AIM OF THE TASK: Return the listing below unchanged, minus its pictures.

=== EXERCISE MATERIAL ===

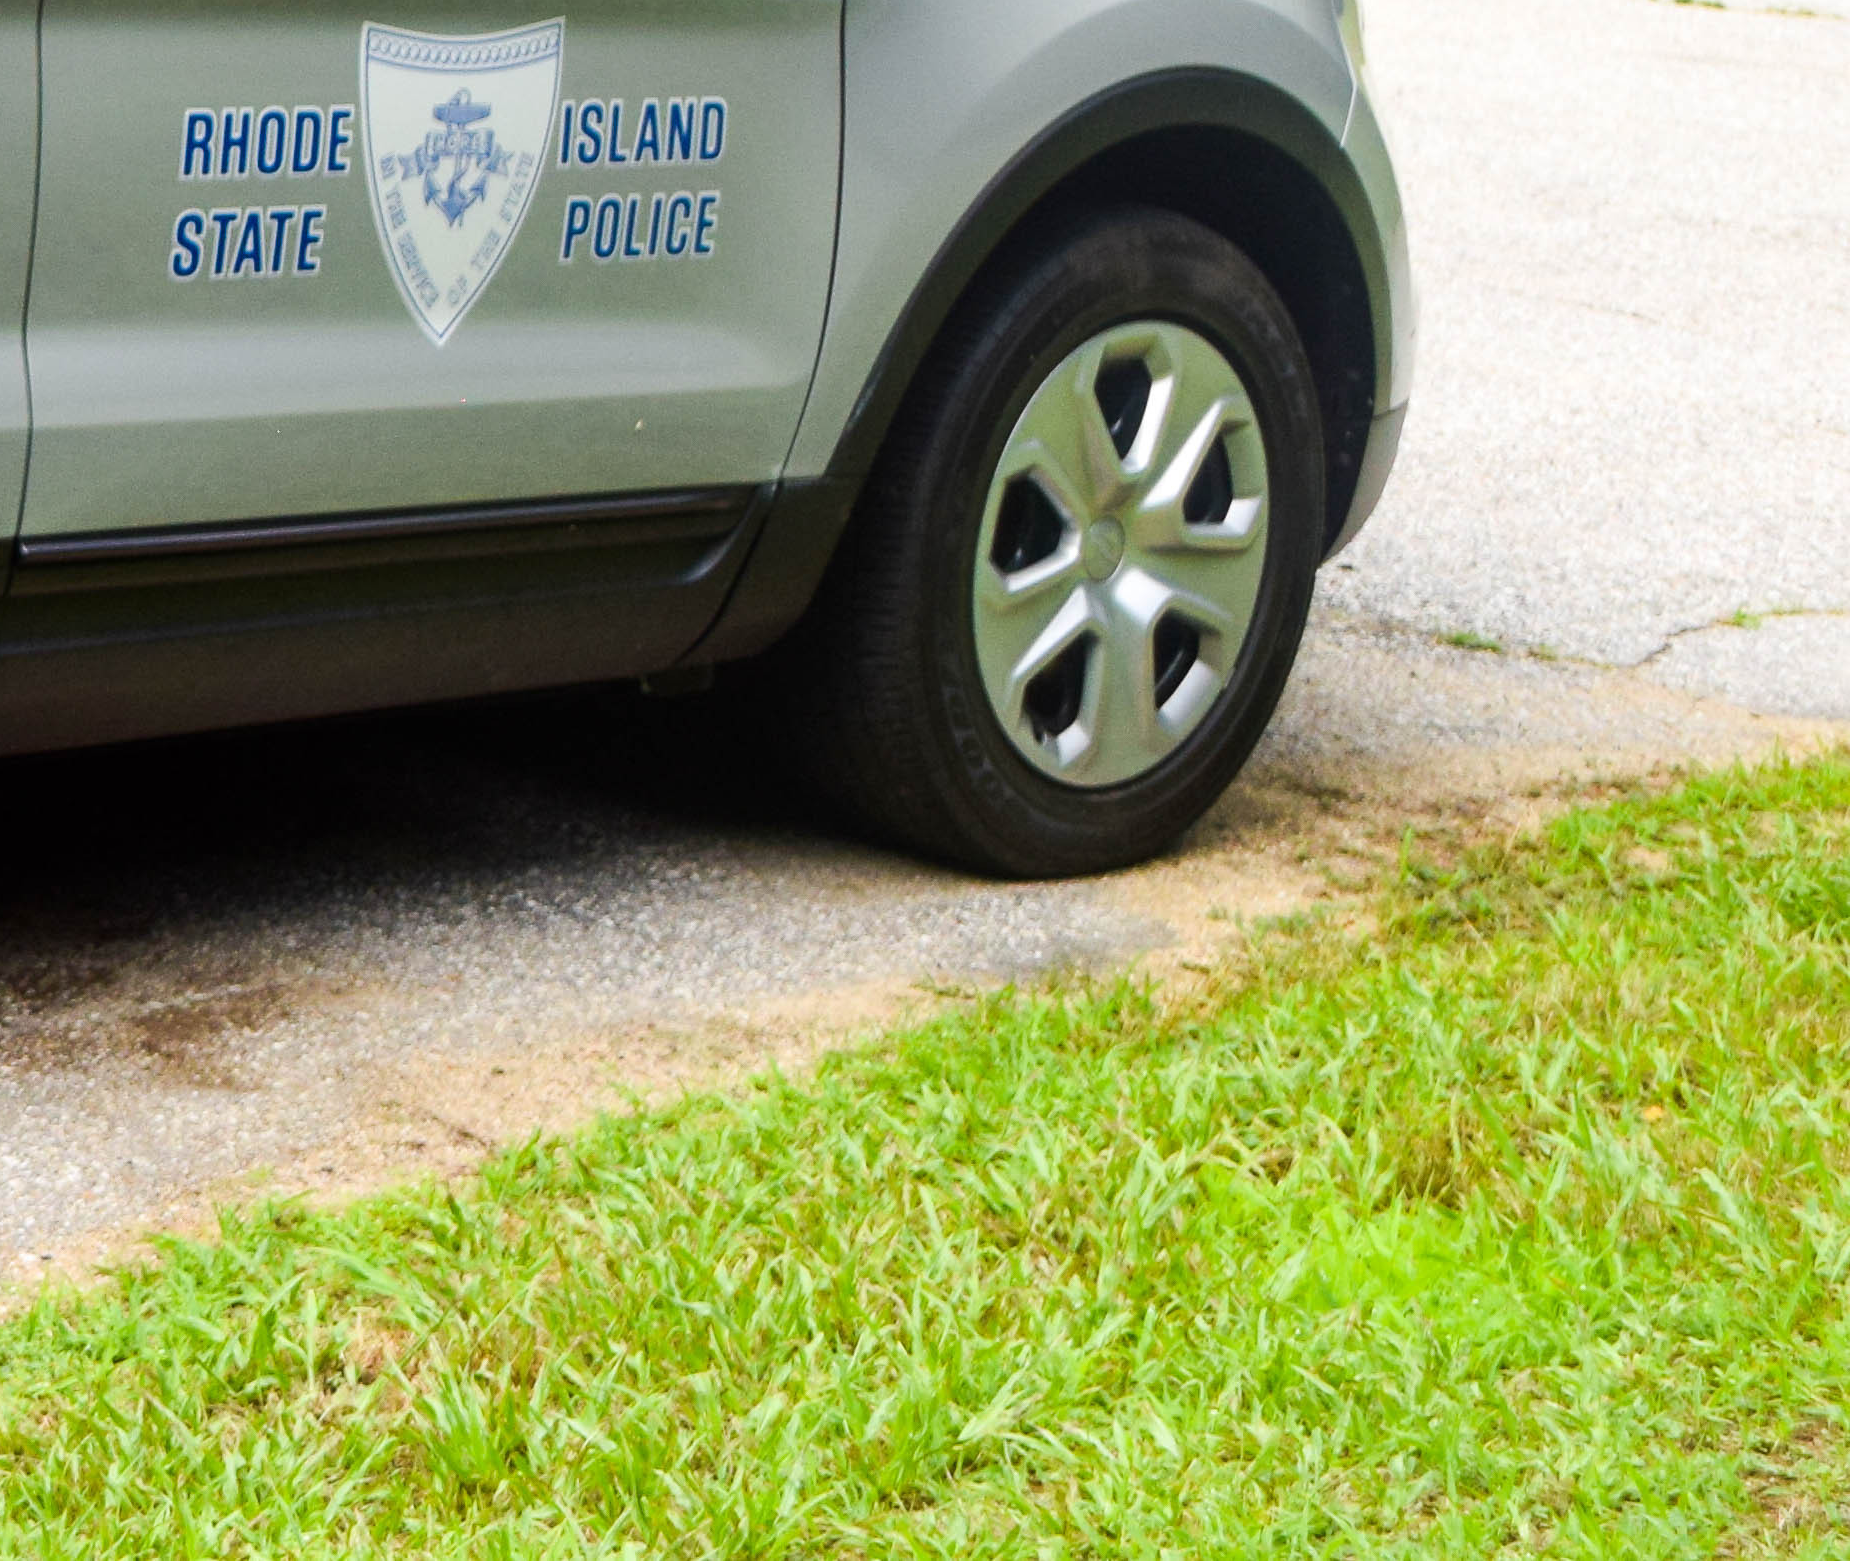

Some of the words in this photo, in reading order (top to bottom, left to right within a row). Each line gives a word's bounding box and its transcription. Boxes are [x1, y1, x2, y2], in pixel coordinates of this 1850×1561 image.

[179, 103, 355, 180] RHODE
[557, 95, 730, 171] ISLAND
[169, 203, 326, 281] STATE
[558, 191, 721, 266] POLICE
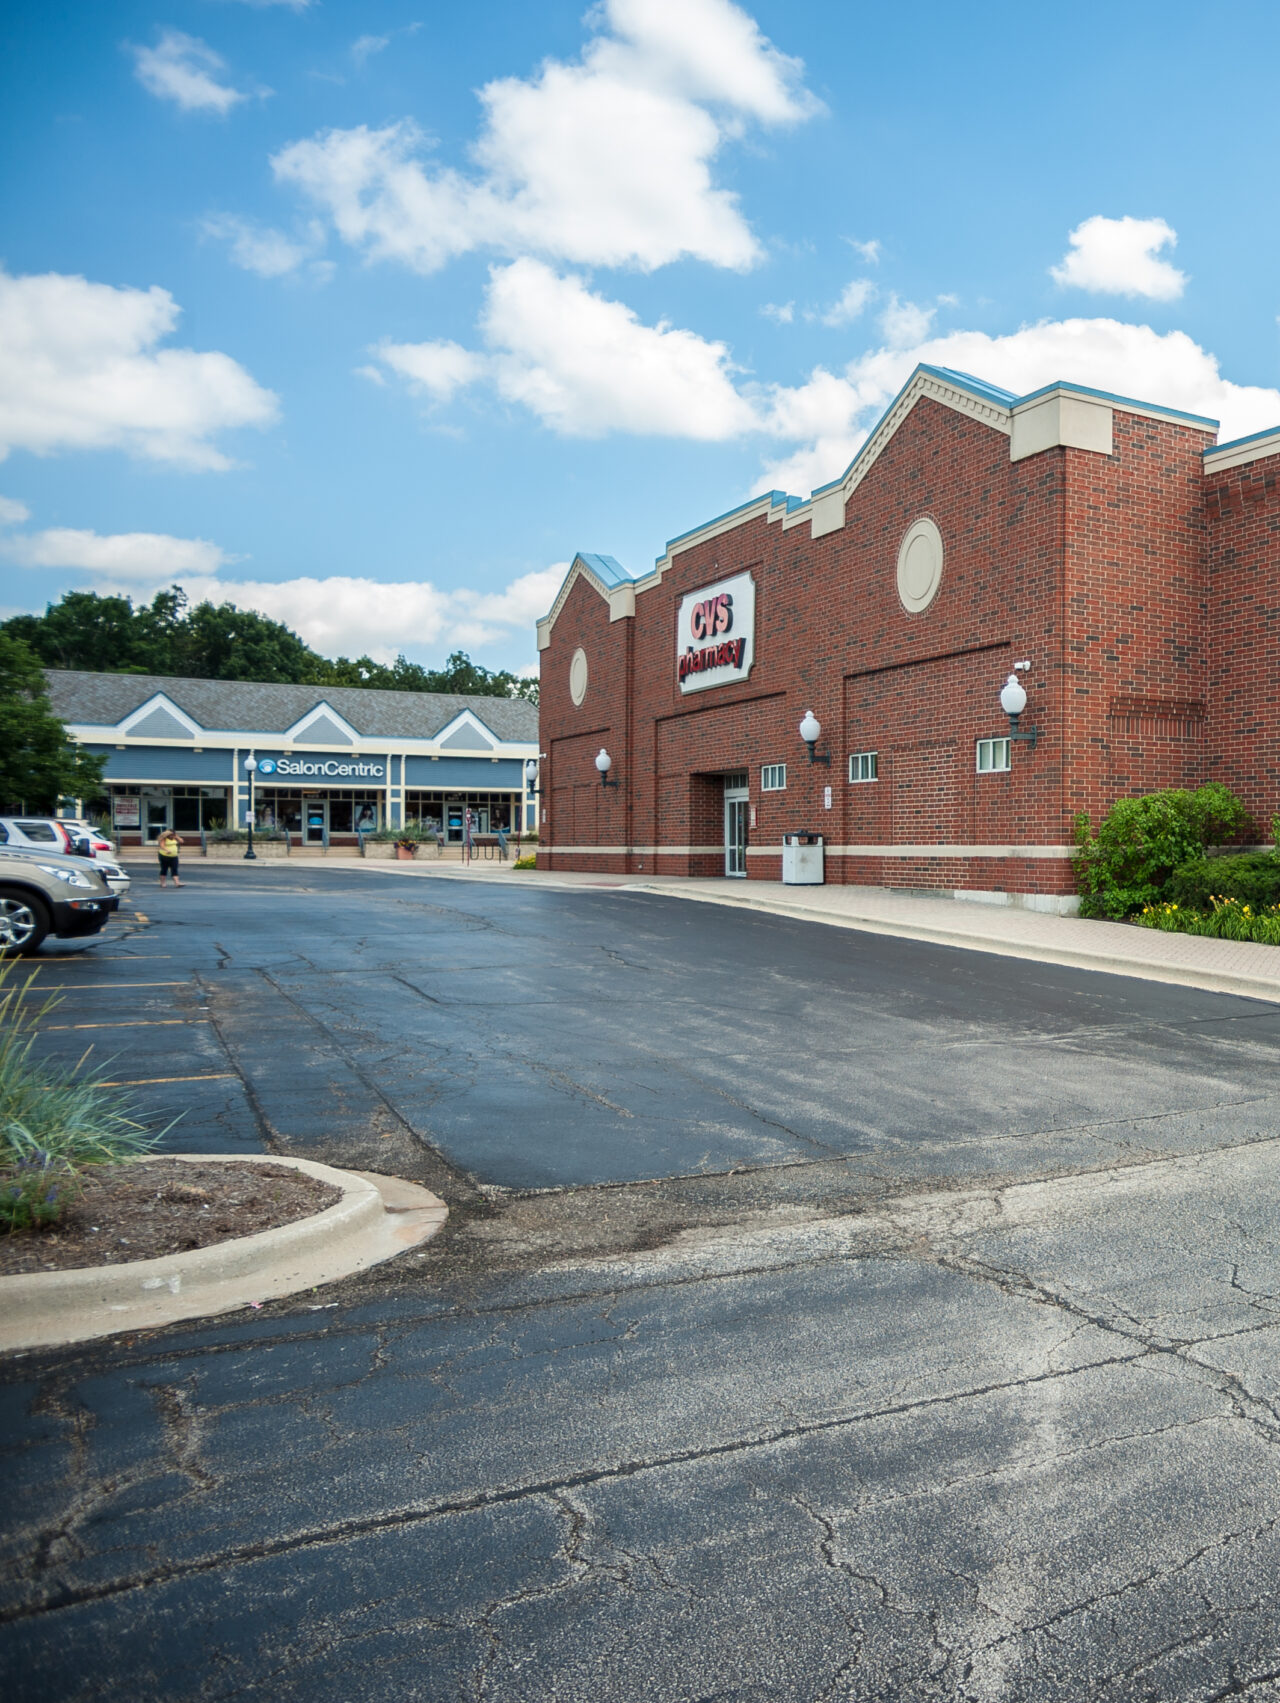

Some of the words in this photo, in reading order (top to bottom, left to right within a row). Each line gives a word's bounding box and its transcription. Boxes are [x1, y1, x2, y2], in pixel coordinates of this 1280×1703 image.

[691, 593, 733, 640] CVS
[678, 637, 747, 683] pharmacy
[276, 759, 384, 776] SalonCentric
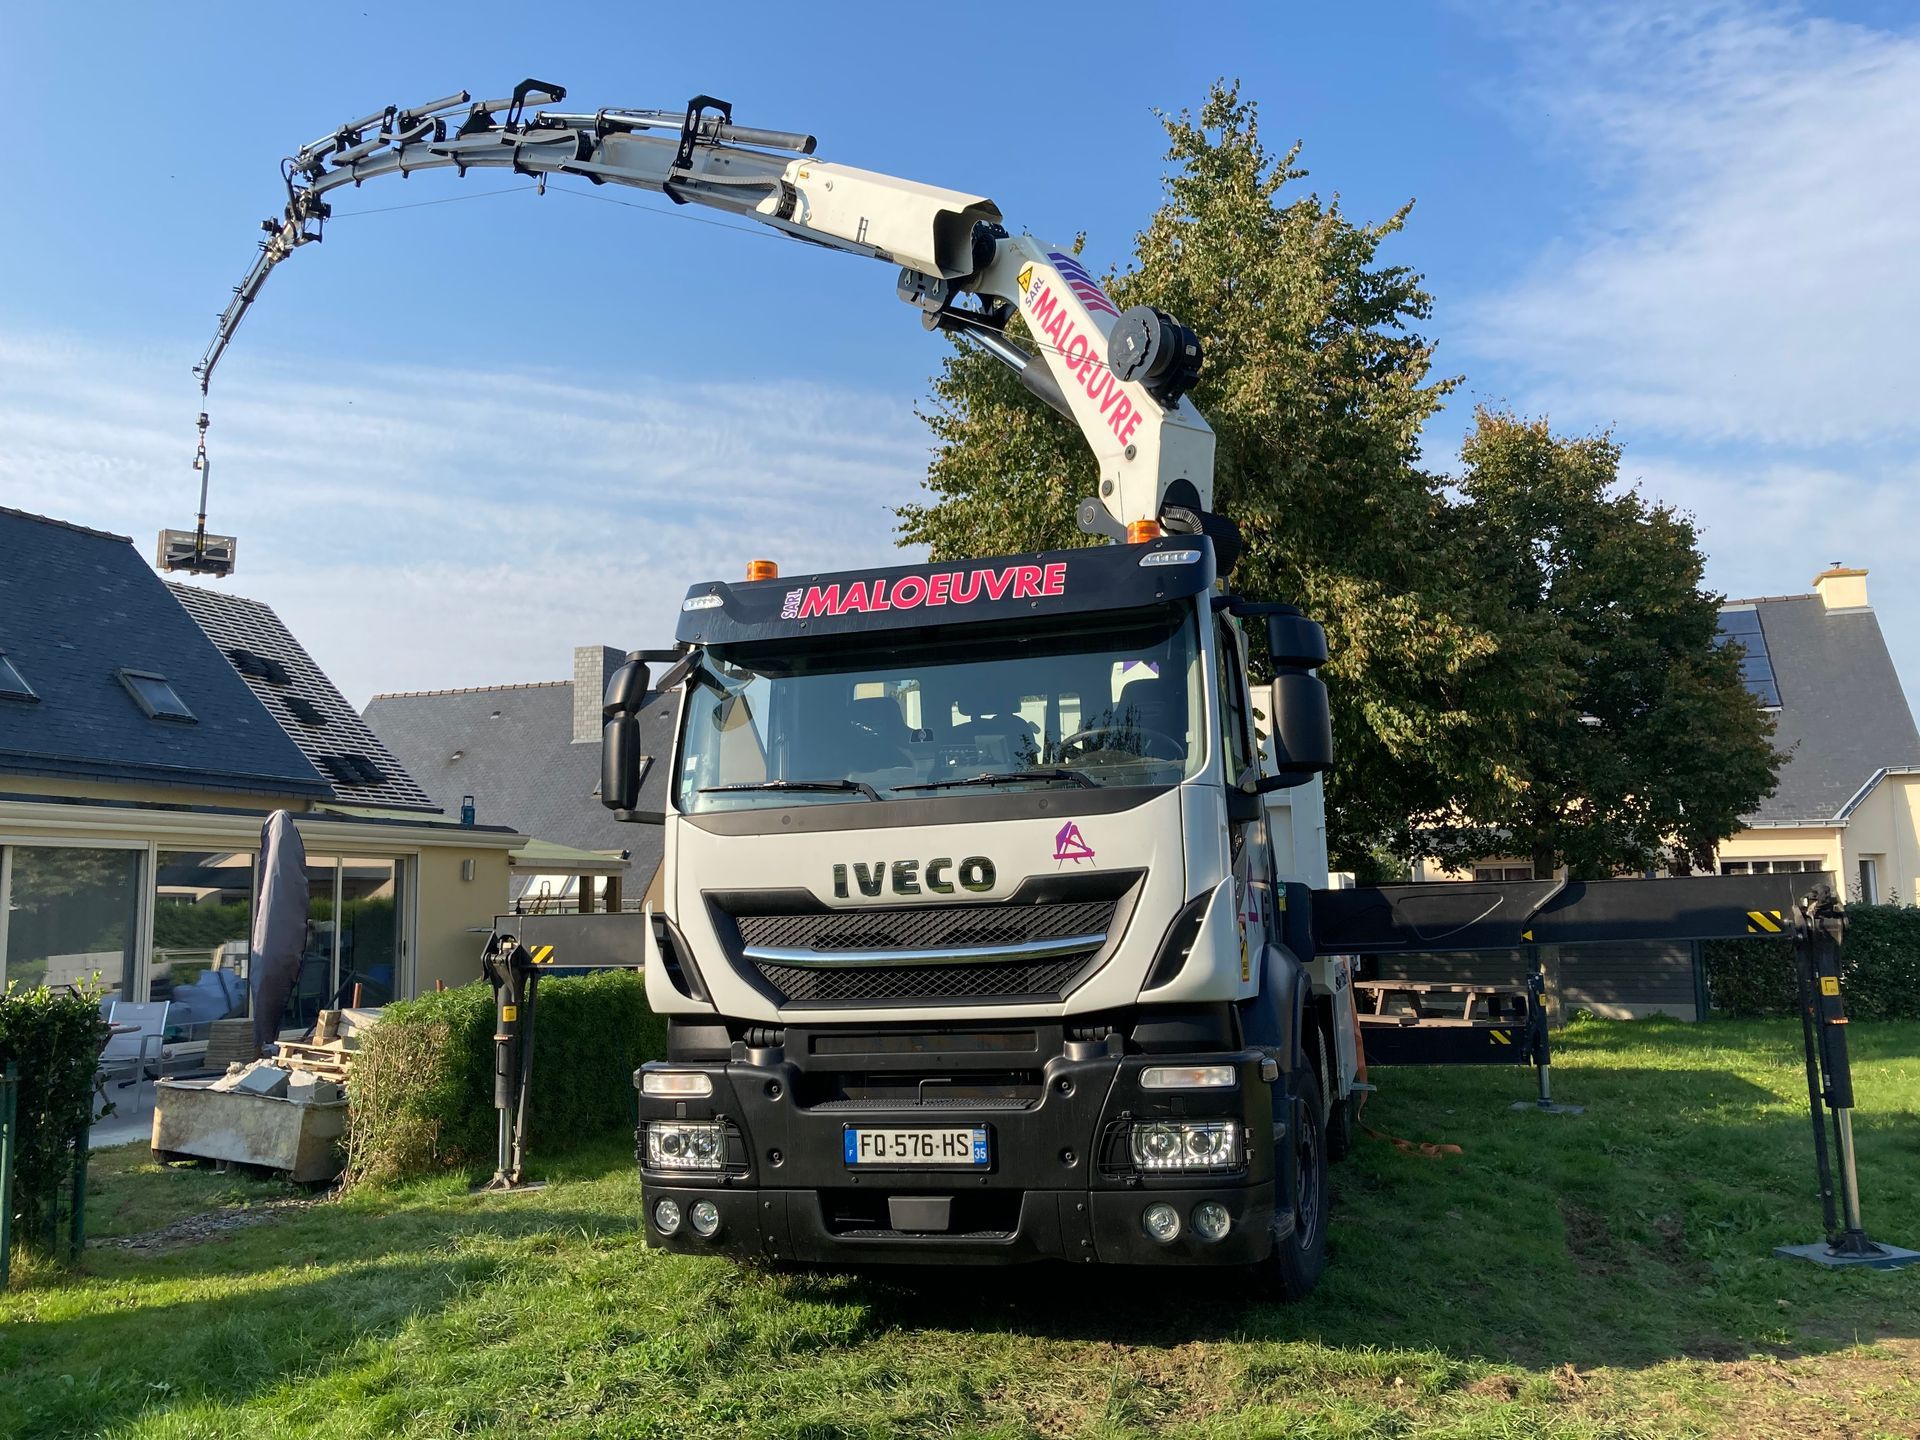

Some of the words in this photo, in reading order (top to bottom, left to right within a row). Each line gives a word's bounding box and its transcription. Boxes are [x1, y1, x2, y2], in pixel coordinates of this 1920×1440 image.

===

TASK RESULT:
Some of the words in this photo, in reading order (top to bottom, left to right within a row). Each line gives a word's bounding box and its transcription. Boxes are [x1, y1, x2, y2], in pixel coordinates of this 1850×1561 image.

[179, 103, 355, 180] RHODE
[557, 95, 730, 171] ISLAND
[169, 203, 326, 281] STATE
[558, 191, 721, 266] POLICE

Some of the words in this photo, in reading order (top to bottom, left to right within a row). Each line gives a word's bounding box and its transcription. Boxes are [x1, y1, x2, y2], in pixel coordinates of this 1280×1703 image.

[691, 593, 733, 640] CVS
[678, 637, 747, 683] pharmacy
[276, 759, 384, 776] SalonCentric

Some of the words in this photo, in reading order (top to bottom, left to right within a row). Each line gives a word's bounding box and its transcription. Boxes are [x1, y1, x2, y2], in pixel coordinates of this 1920×1440 image.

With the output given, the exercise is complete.